Gary Oldman Is Triumphant as Winston Churchill

'Darkest Hour' is a film about Churchill's daunting, heroic task to unify and motivate the British during World War II

click to enlarge Oldman shines through the layers of prosthetics in 'Darkest Hour.' - PHOTO: Jack English/Focus Features
PHOTO: Jack English/Focus Features
Oldman shines through the layers of prosthetics in 'Darkest Hour.'

In comparison with Christopher Nolan’s Dunkirk, which covers much the same time frame but from a different perspective, Joe Wright’s Darkest Hour feels like a muted and quite routine effort. But it has a towering, memorable performance from Gary Oldman as Winston Churchill.

Wright walks us through the massive Dunkirk evacuation during the early days of World War II from the point of view of Britain’s newly appointed Prime Minister Churchill, a man with few allies in the government or the country at-large. The one steadfast person in his corner — his wife Clementine (Kristin Scott Thomas in graceful grand-dame mode) — seeks at every turn to remind her husband to be who he is. 

Our first encounter with Churchill defines exactly how everyone else sees him, though. Young Elizabeth Layton (Lily James), a new secretary, receives hurried words of warning before being thrown into the great political lion’s den — or more literally, his bedchamber — as he starts his day dictating messages to world and party leaders. She’s required to listen attentively to the mumbled ramblings, stop on a dime as news requires him to adjust his messages and keep her head as he rages and roils like an active volcano. In effect, Elizabeth is a fevered and feverish newbie musician trying her best to hold steady with a master of improvisation.
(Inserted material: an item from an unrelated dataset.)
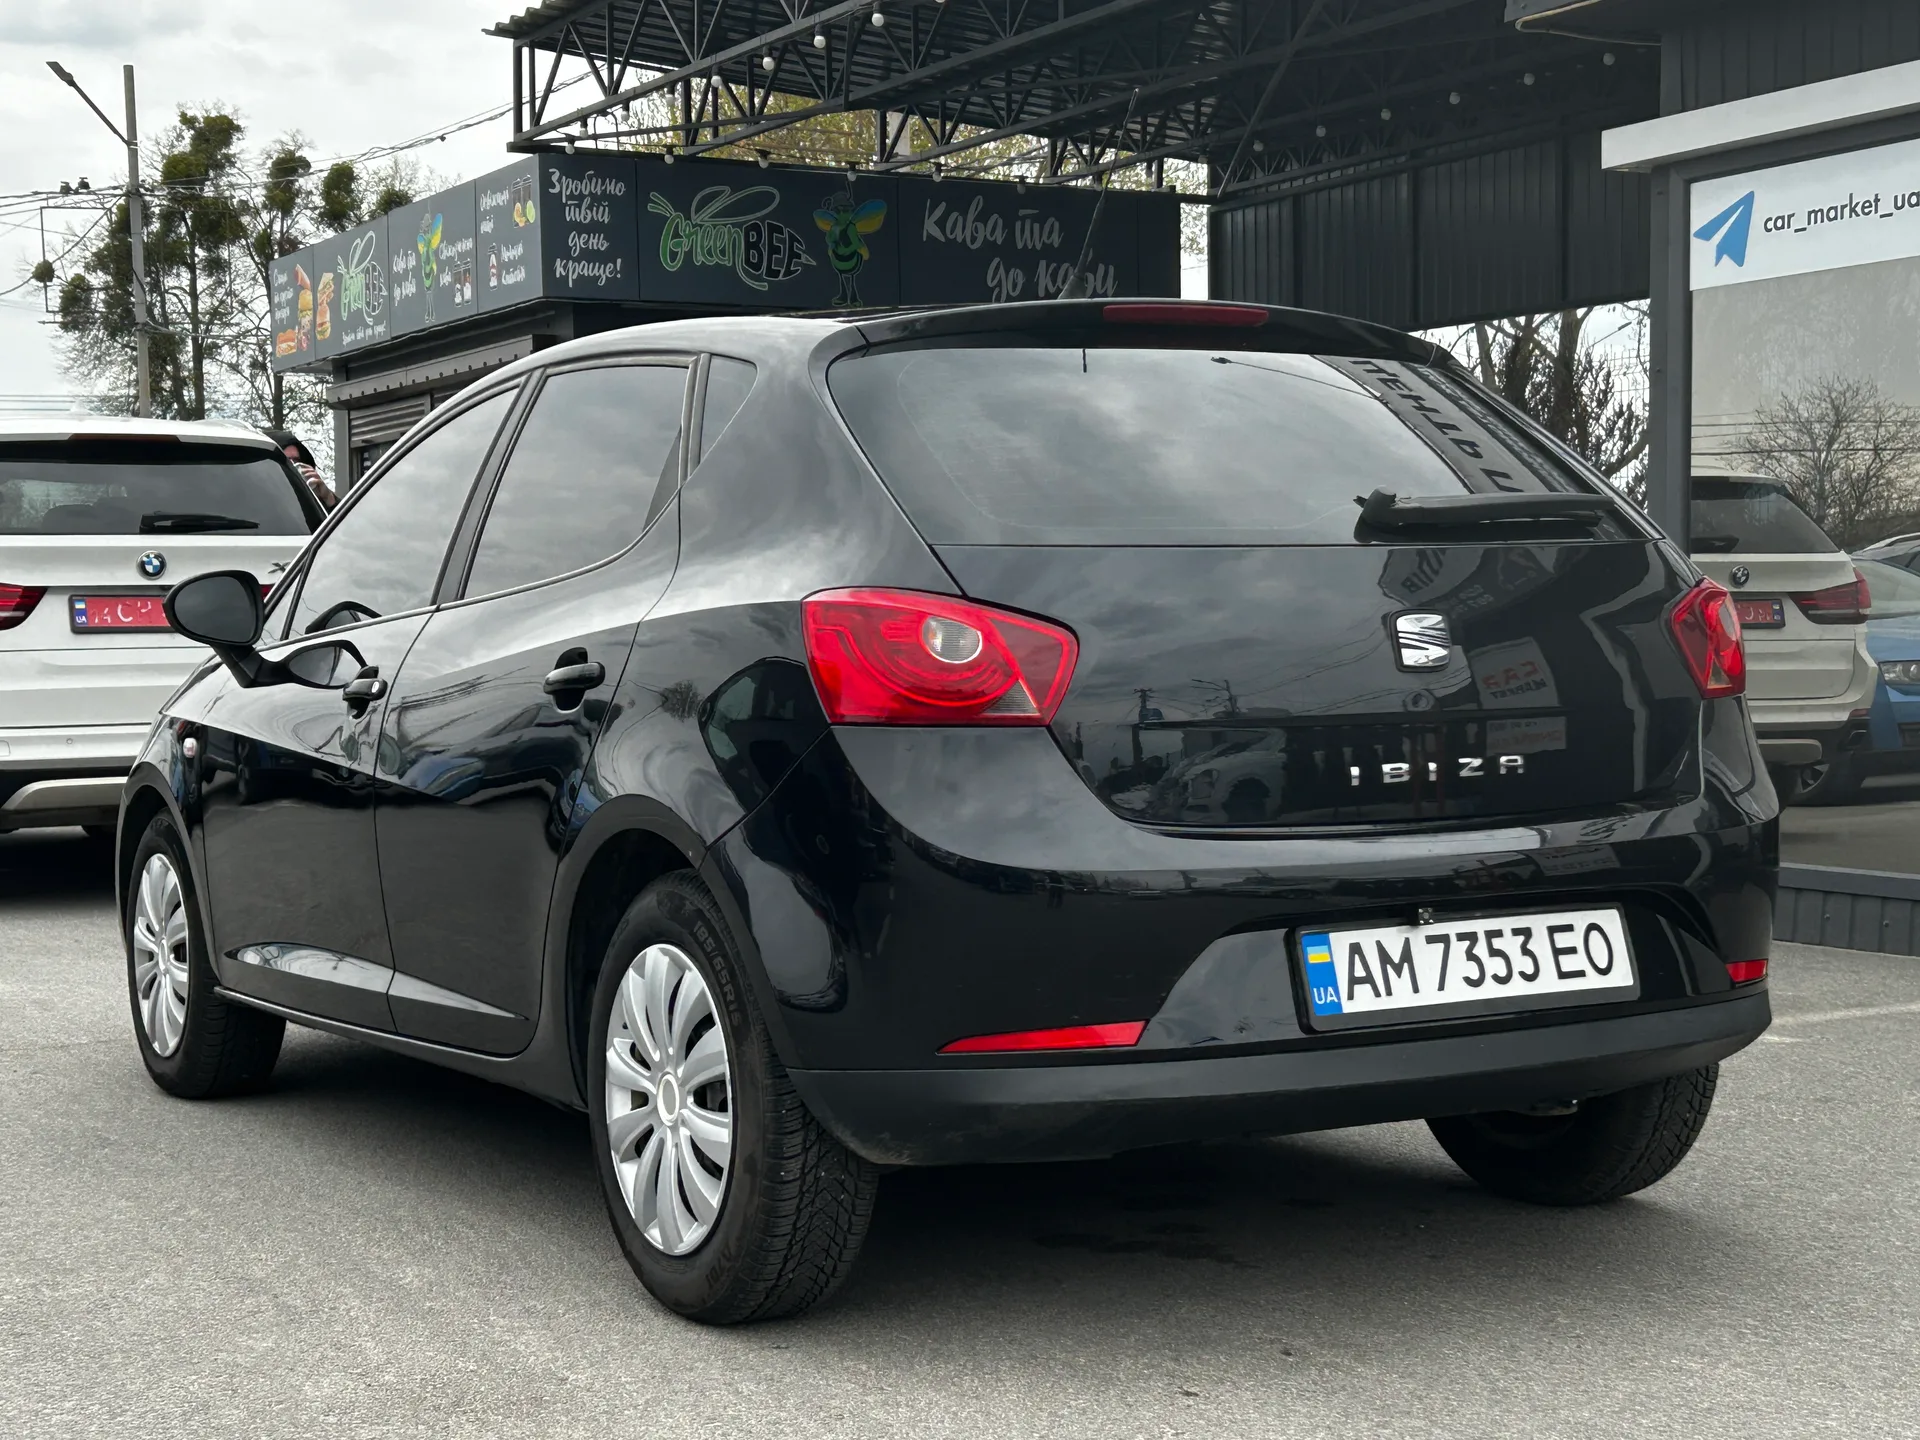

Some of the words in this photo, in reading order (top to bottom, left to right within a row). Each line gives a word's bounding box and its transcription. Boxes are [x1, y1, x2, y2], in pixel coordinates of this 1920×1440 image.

The fact that she initially fails adds her into the great huddled mass of humanity.

Everyone fears Churchill, including King George VI (Ben Mendelsohn), a most reluctant partner of the new prime minister. Churchill has taken over for former Prime Minister Neville Chamberlain (Ronald Pickup), seen as a Hitler appeaser, and simply won’t toe that same position. But no one in the kingdom believes that England is capable of standing up to the Nazis, so there are constant calls for brokering a “peace.” Churchill stands his ground, but over the course of the narrative we see the doubts that plague him at every step along the way. 
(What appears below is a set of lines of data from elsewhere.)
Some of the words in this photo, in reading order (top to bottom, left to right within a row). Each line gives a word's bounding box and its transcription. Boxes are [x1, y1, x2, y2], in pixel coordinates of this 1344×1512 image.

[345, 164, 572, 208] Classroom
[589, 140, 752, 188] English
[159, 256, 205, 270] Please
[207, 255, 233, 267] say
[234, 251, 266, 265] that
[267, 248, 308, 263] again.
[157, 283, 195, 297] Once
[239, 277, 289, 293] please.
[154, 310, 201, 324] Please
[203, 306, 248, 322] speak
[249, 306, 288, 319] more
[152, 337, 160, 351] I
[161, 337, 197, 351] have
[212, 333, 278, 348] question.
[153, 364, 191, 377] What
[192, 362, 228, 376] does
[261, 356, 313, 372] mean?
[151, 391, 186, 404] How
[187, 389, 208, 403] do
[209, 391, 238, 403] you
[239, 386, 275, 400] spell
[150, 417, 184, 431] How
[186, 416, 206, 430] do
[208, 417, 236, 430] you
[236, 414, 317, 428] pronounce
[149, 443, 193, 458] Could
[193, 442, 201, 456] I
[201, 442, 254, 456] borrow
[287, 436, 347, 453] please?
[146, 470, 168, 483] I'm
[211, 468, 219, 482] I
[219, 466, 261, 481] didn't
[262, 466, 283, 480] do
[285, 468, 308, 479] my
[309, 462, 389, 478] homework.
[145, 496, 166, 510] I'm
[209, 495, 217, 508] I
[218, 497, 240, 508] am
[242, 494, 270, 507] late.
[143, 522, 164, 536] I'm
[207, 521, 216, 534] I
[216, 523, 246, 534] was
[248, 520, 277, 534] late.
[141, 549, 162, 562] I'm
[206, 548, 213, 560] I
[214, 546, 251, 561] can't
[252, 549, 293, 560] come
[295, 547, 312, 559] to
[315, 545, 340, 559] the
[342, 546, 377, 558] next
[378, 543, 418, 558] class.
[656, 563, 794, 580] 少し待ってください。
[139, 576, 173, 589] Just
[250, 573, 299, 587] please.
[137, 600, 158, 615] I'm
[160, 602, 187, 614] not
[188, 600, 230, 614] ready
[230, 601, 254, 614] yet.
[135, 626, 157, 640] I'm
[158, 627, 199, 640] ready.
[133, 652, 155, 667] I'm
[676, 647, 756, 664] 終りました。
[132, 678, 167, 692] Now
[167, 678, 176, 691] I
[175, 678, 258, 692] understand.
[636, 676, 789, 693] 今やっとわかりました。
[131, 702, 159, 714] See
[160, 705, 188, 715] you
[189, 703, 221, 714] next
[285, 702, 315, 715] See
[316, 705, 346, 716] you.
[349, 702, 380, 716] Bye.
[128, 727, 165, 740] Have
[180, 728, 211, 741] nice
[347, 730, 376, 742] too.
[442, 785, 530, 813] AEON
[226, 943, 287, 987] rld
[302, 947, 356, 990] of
As an overall cinematic experience, Wright’s film lacks the dazzle and spectacle of his Atonement (a film in which Dunkirk also figures) and Anna Karenina. Where is a scene comparable to the one in Atonement where James McAvoy’s character takes a harrowing journey across an extended World War II battlefield, a surreal and sad moment that still breaks my heart just thinking about it? It was on the basis of that extended sequence that I added Wright to a select group of filmmakers who knew how to use the technical craft to carry audiences into whatever emotional state the director wanted them to experience. Few filmmakers have that capability to let the camera be the absolute expression of whatever the director is seeing in his imagination.

Nonetheless, what makes Darkest Hour work as a gripping wartime drama is how Wright uses his quiet presence behind the camera to show viewers the people of Britain as they walk through the streets, whether with their heads down in the pouring rain or merely under dark and threatening clouds (indicators of literal and metaphoric storms on the horizon). This is a subtle use of his directorial power that is very effective. 
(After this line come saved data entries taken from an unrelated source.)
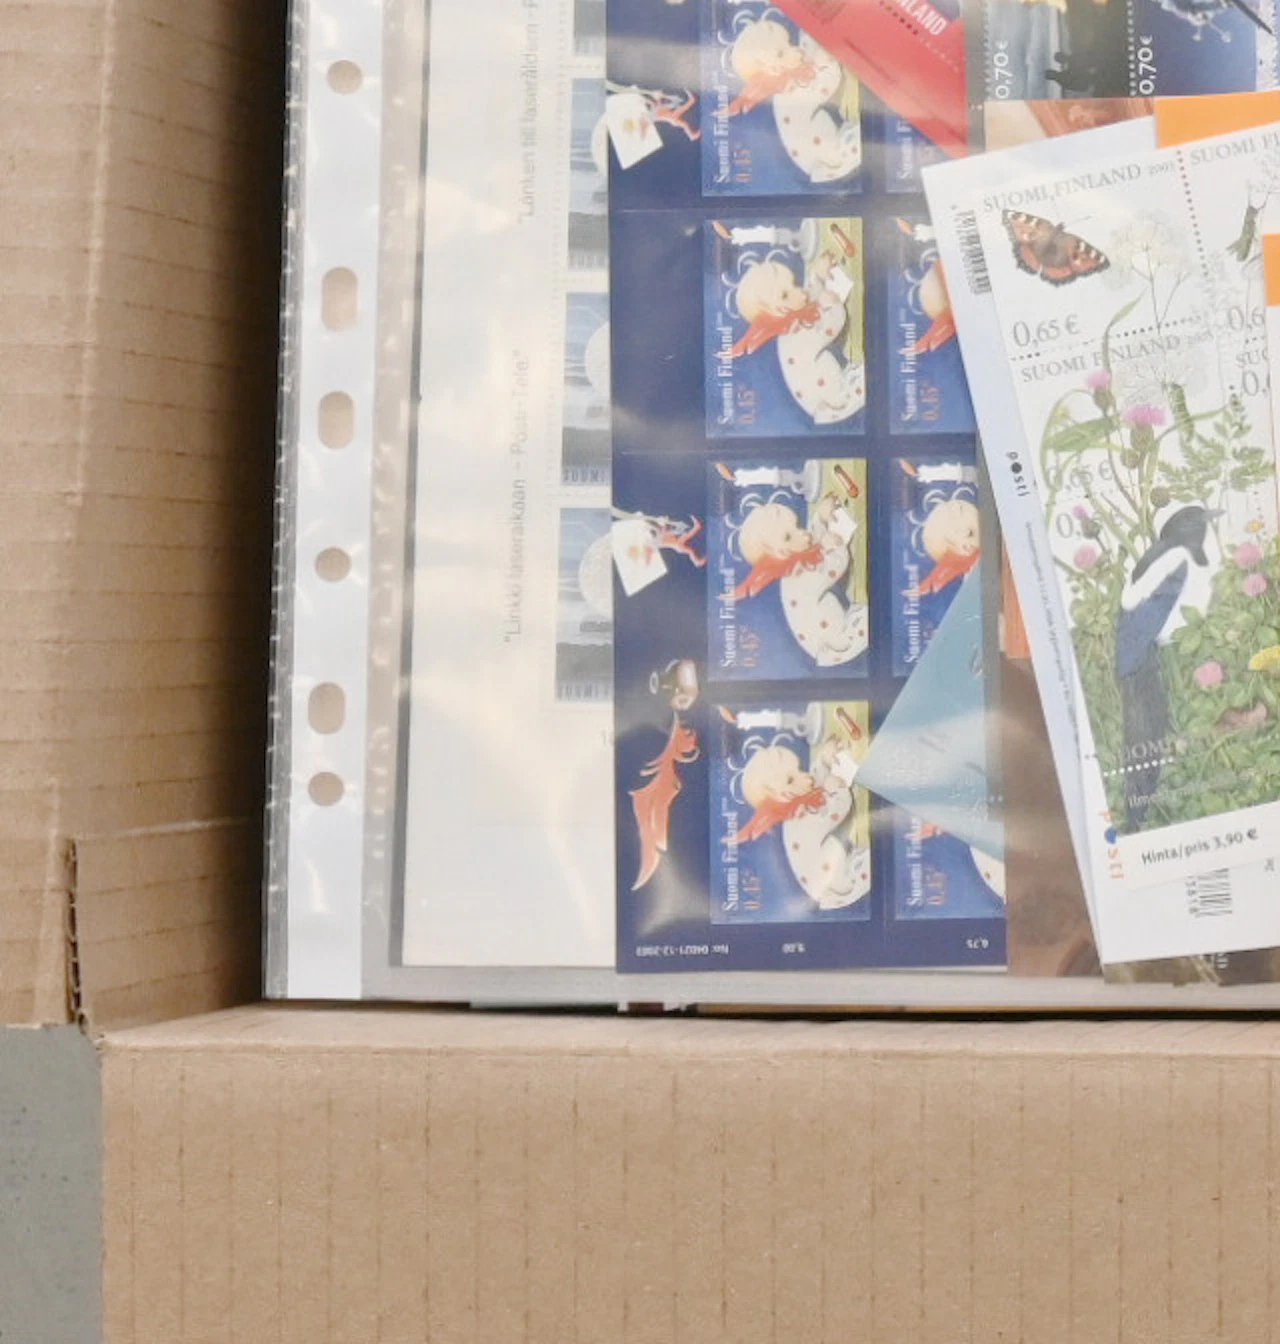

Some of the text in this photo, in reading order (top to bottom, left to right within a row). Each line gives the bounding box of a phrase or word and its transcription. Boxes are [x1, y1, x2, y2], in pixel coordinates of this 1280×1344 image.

[713, 140, 730, 183] Suomi
[1190, 140, 1257, 166] SUOMI
[983, 186, 1048, 213] SUOMI
[1054, 163, 1142, 198] FINLAND
[1021, 358, 1087, 383] SUOMI
[717, 382, 734, 424] Suomi
[901, 380, 917, 421] Suomi
[719, 623, 736, 667] Suomi
[903, 620, 920, 663] Suomi
[1142, 828, 1259, 866] Hinta/pris 3,90 €
[722, 866, 739, 911] Suomi
[906, 863, 923, 906] Suomi
Of course, he can afford to lie back since Oldman, in a gloriously old-school performance, shows us how a real leader comes to speak for and embody the will of his people. Oldman’s Churchill might, at first glance, appear to be a bully, but what becomes obvious is that Churchill is a man born and bred for greatness — a man who worked hard and planned and trusted his instincts, even in the face of opposition. To put it plainly, he is the epitome of someone who refused to suffer fools. But the moment of his ascension to power arrives at the worst possible time, as if fate and destiny combined to set him up for failure. And for the first time, he starts to question himself. In doing so, his humanity shines. 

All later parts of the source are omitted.